> What you need to do: Could you restate all of the records below exactly, with the pictures left out?

> Material provided:
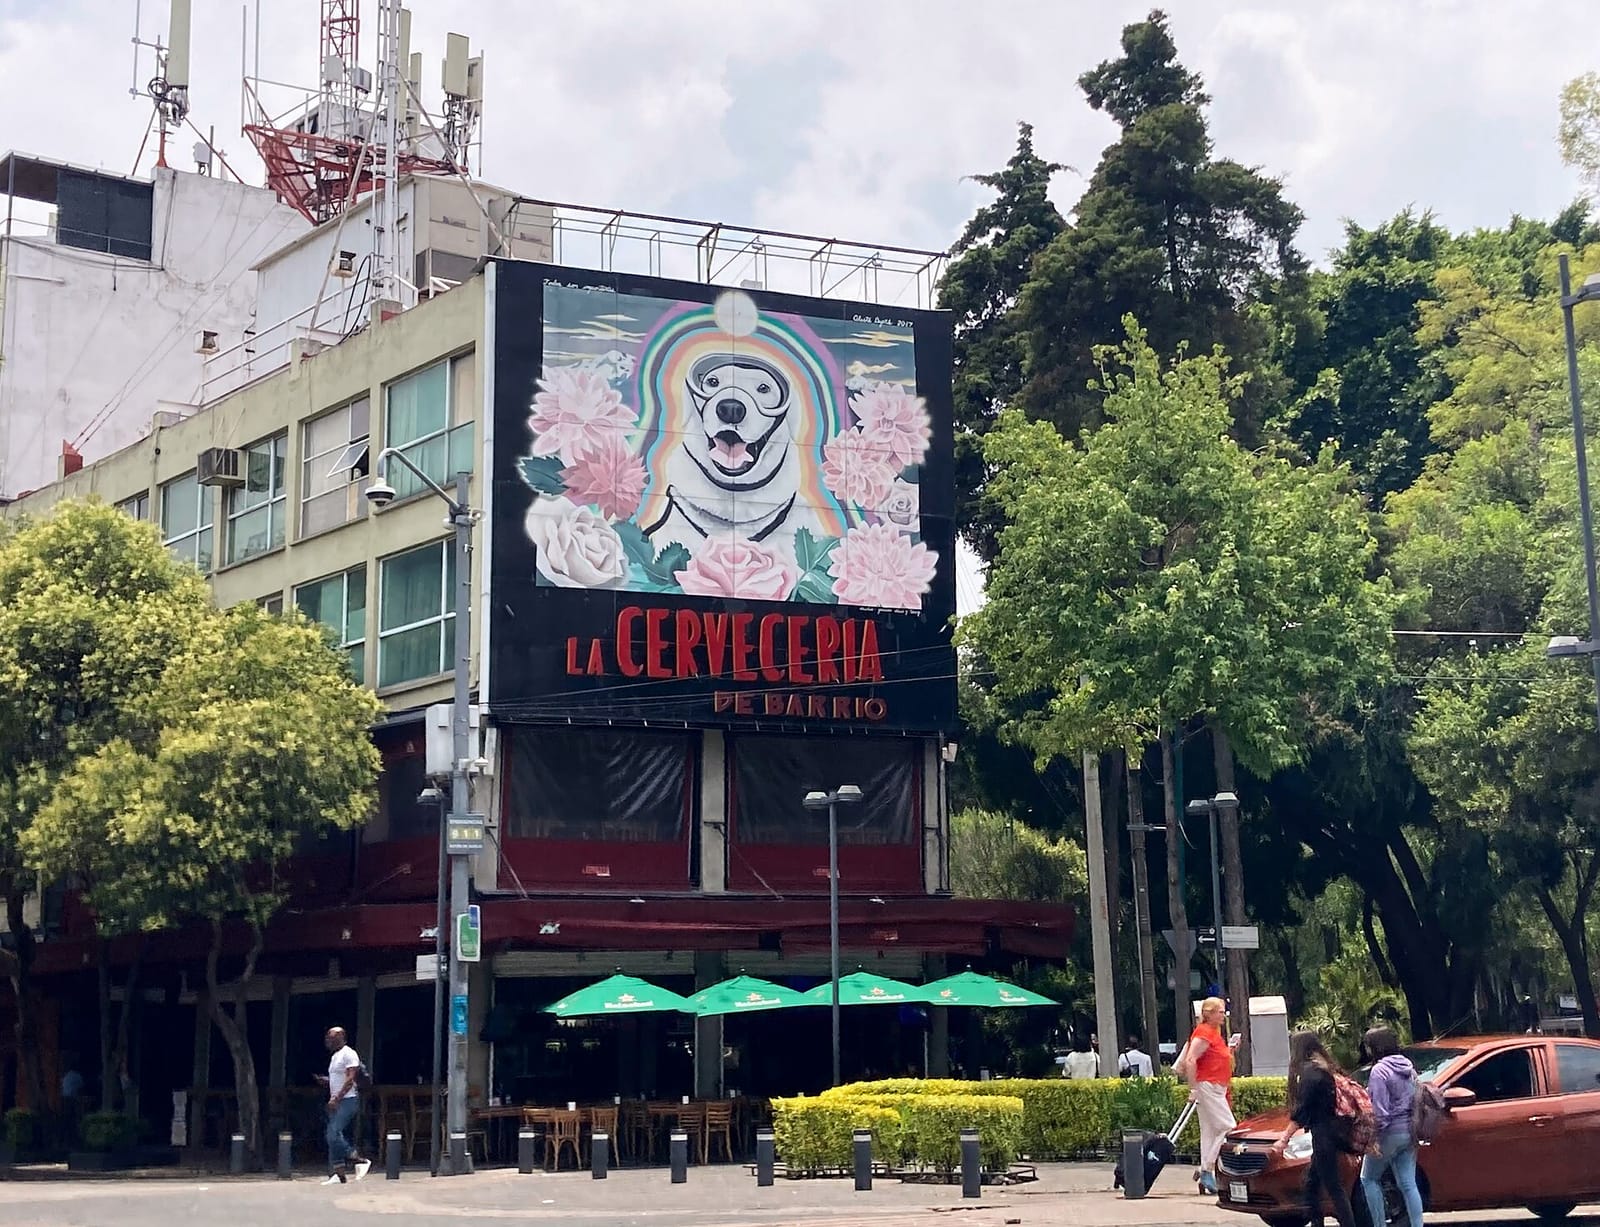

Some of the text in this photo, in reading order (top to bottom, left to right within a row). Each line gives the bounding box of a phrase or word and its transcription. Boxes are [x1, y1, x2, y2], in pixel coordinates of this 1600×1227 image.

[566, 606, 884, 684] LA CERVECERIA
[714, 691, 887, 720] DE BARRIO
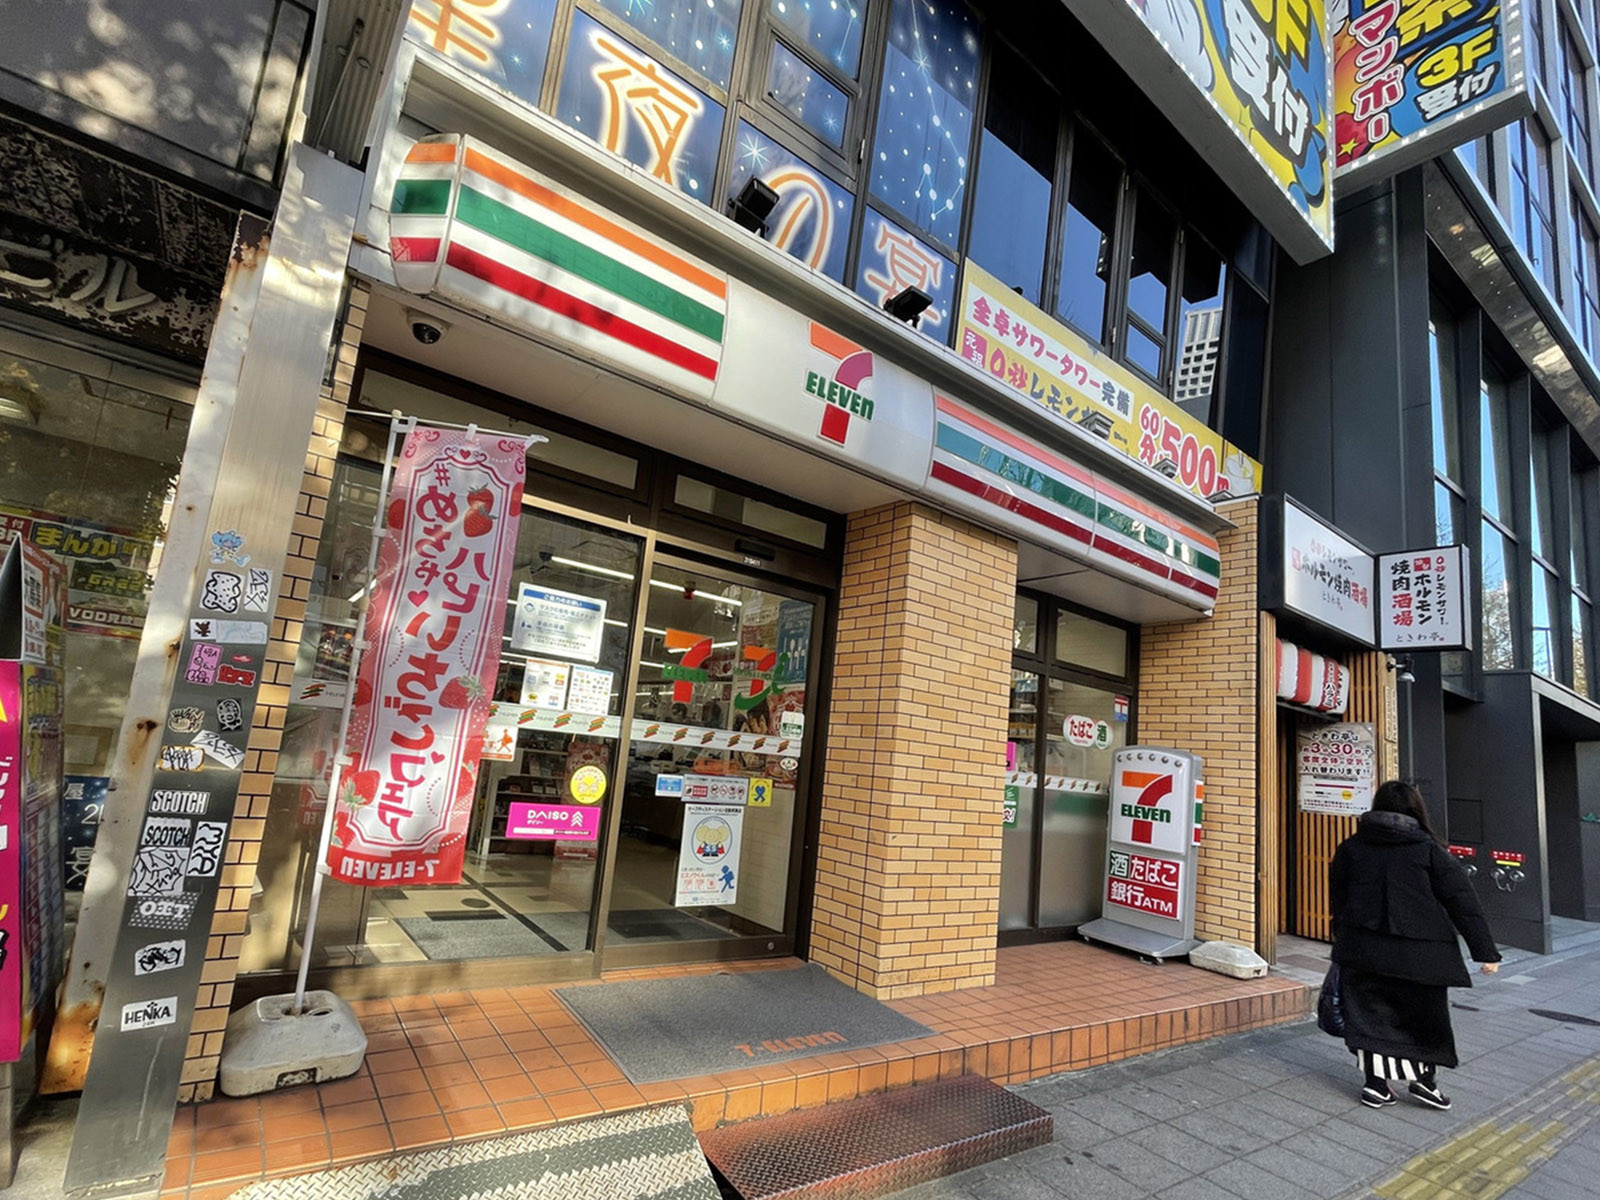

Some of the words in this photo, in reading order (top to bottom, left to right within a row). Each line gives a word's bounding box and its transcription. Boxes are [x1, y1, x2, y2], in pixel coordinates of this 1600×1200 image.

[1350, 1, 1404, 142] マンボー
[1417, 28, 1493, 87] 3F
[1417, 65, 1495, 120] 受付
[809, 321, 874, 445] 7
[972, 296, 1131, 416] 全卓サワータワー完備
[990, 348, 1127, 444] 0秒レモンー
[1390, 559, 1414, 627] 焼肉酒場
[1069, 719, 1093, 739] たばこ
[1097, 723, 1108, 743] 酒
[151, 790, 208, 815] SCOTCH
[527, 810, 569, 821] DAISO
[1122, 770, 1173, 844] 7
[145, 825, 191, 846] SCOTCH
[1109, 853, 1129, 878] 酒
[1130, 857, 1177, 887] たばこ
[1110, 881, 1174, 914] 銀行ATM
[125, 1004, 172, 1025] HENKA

> Exercise output:
Some of the text in this photo, in reading order (top to bottom, left to right within a row). Each line gives the bounding box of a phrase or word and its transcription. Boxes are [x1, y1, x2, y2], in pixel coordinates of this 1600×1227 image.

[566, 606, 884, 684] LA CERVECERIA
[714, 691, 887, 720] DE BARRIO

Some of the words in this photo, in reading order (top to bottom, left to right within a row). Each line gives a word's bounding box and its transcription. Boxes are [x1, y1, x2, y2], in pixel coordinates of this 1600×1200 image.

[1350, 1, 1404, 142] マンボー
[1417, 28, 1493, 87] 3F
[1417, 65, 1495, 120] 受付
[809, 321, 874, 445] 7
[972, 296, 1131, 416] 全卓サワータワー完備
[990, 348, 1127, 444] 0秒レモンー
[1390, 559, 1414, 627] 焼肉酒場
[1069, 719, 1093, 739] たばこ
[1097, 723, 1108, 743] 酒
[151, 790, 208, 815] SCOTCH
[527, 810, 569, 821] DAISO
[1122, 770, 1173, 844] 7
[145, 825, 191, 846] SCOTCH
[1109, 853, 1129, 878] 酒
[1130, 857, 1177, 887] たばこ
[1110, 881, 1174, 914] 銀行ATM
[125, 1004, 172, 1025] HENKA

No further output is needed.